PDFs rendered to images. The grid-scan loop treats each table row as a "cell." Template matching identifies header formats. OCR reads the values. Output goes to a spreadsheet or directly to a KiCad BOM. The same "scan grid → read values → log" loop that runs 48 cells of sushi handles 20 rows of a pin-assignment table.
A working prototype of something non-trivial in under an hour. Code that you can read, modify, and extend without starting over. An architecture that separates config, perception, decision, and action — ready to swap pieces as needs change. A collaborative partner that writes boilerplate, suggests alternatives, and explains tradeoffs on demand.
Domain knowledge. You must know what "correct" looks like in your problem space. You must be able to evaluate output — not as a programmer, but as someone who understands the domain. You must be willing to push back when something isn't working and describe what's wrong precisely enough for the AI to respond usefully.
Boilerplate: config systems, GUI scaffolding, file I/O, logging, threading. Library discovery: the AI knows which Python library handles screen capture, which handles OCR, which handles mouse control — and writes the glue code between them. Error diagnosis: paste a traceback and get a root cause, not a Stack Overflow link.
Calibration to your specific physical setup. Judgment calls about when a "theoretically better" approach is too complex to be reliable. Testing against real hardware. Recognizing when the AI's confident output is wrong because you're the only one who can see the screen.

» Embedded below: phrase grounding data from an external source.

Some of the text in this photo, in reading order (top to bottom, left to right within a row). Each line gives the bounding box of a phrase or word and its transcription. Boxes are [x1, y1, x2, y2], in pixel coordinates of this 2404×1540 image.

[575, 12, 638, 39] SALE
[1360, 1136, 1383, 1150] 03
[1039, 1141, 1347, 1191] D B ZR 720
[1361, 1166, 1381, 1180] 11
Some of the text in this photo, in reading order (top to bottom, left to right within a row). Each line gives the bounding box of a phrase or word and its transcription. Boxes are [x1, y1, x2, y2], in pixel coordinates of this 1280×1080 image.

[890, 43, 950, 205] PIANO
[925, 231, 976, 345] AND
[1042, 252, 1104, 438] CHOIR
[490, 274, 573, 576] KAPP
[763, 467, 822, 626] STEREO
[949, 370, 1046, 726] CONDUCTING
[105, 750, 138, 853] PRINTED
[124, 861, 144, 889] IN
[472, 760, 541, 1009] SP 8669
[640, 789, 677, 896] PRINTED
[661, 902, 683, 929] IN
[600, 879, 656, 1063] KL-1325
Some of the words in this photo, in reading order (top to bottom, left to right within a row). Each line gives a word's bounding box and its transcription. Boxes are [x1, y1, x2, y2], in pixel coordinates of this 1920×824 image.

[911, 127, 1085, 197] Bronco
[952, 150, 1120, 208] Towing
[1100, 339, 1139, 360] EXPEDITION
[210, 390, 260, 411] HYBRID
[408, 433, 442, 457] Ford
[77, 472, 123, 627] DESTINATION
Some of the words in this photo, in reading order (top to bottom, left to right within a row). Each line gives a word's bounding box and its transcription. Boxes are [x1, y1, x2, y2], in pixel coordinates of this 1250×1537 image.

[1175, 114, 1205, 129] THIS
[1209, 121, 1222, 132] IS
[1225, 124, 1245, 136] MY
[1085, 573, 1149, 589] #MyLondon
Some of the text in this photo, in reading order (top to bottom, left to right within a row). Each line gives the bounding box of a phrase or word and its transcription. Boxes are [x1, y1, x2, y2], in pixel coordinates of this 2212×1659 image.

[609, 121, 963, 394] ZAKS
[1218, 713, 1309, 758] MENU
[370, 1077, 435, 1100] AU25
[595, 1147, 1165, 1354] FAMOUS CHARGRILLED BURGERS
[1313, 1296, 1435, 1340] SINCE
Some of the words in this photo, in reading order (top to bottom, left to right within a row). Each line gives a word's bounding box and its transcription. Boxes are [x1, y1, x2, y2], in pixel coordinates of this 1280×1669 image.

This is not a story about AI replacing skilled people. It's a story about a skilled person with a clear problem getting a capable coding partner on demand. The inventor's background in image processing let them recognize OCR failures, diagnose alignment issues, and evaluate cascade behavior — none of that came from the AI.
What the AI provided: speed. The architecture that would have taken days to research and write took an hour of conversation. The debugging that would have required forum searches and documentation reading happened in real time. The pivot from OCR to template matching was a one-exchange decision.
Something worked in an hour. It wasn't perfect. It was real. That's the point.